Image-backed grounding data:
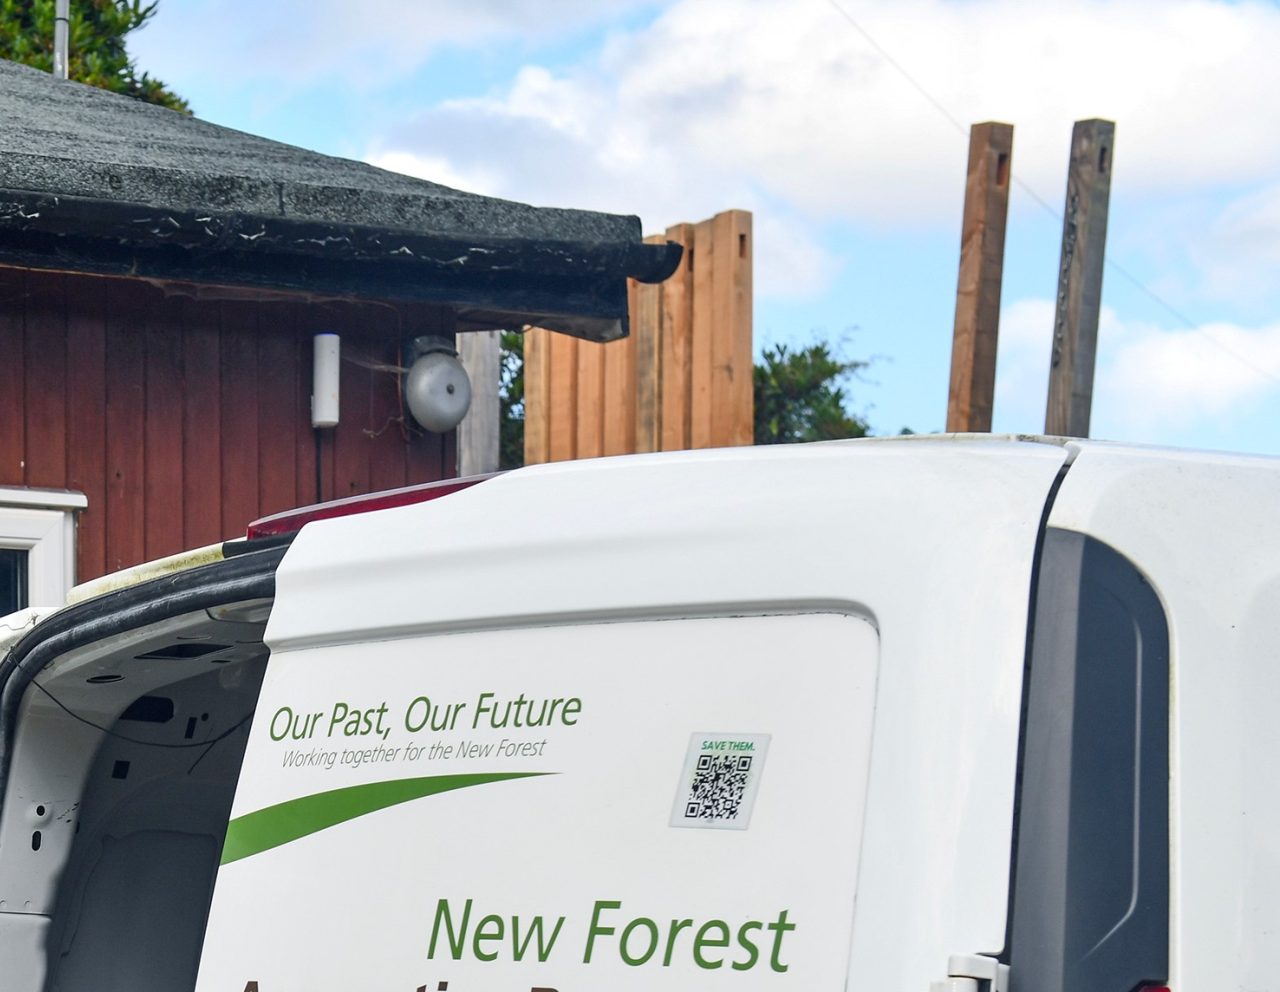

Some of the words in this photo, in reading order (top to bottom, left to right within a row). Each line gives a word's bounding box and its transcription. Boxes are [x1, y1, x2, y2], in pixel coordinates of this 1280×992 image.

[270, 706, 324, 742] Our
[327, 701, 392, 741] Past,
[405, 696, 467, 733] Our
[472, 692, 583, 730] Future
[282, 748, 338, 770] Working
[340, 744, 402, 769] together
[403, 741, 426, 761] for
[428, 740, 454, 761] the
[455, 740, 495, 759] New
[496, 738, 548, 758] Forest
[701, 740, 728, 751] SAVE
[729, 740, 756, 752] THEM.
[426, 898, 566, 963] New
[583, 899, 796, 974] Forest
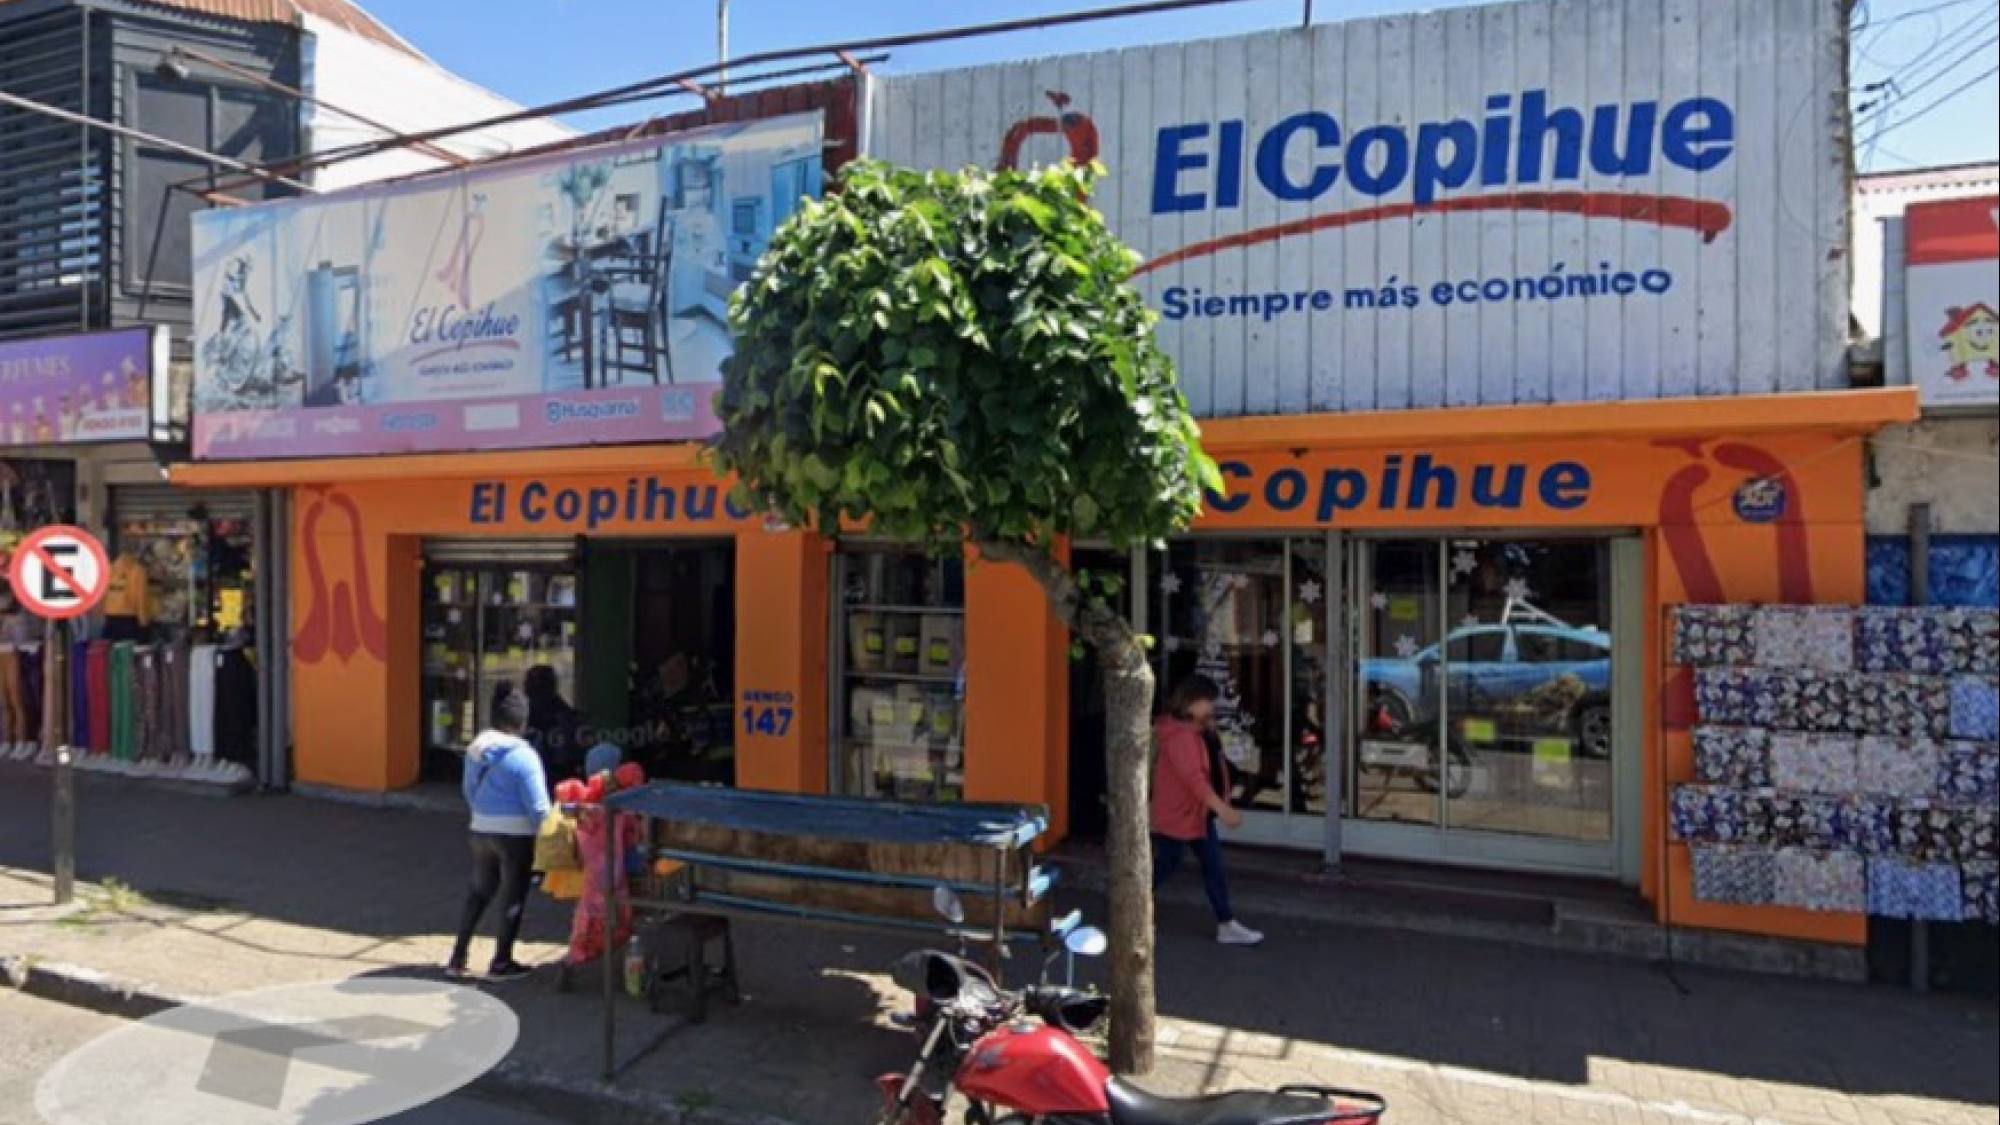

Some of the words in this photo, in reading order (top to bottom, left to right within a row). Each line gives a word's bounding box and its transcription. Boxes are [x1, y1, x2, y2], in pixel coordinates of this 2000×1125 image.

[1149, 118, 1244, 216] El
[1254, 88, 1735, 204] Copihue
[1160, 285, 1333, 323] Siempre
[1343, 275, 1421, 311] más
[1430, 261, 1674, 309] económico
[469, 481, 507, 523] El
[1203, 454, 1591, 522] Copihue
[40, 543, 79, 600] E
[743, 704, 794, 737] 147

**EXERCISE OBJECTIVE**
Give exactly, and nothing besides, the lines from the one in which "this 2000×1125 image." occurs through the end of the records.

**TASK OUTPUT**
Some of the words in this photo, in reading order (top to bottom, left to right within a row). Each line gives a word's bounding box and its transcription. Boxes are [x1, y1, x2, y2], in pixel coordinates of this 2000×1125 image.

[1149, 118, 1244, 216] El
[1254, 88, 1735, 204] Copihue
[1160, 285, 1333, 323] Siempre
[1343, 275, 1421, 311] más
[1430, 261, 1674, 309] económico
[469, 481, 507, 523] El
[1203, 454, 1591, 522] Copihue
[40, 543, 79, 600] E
[743, 704, 794, 737] 147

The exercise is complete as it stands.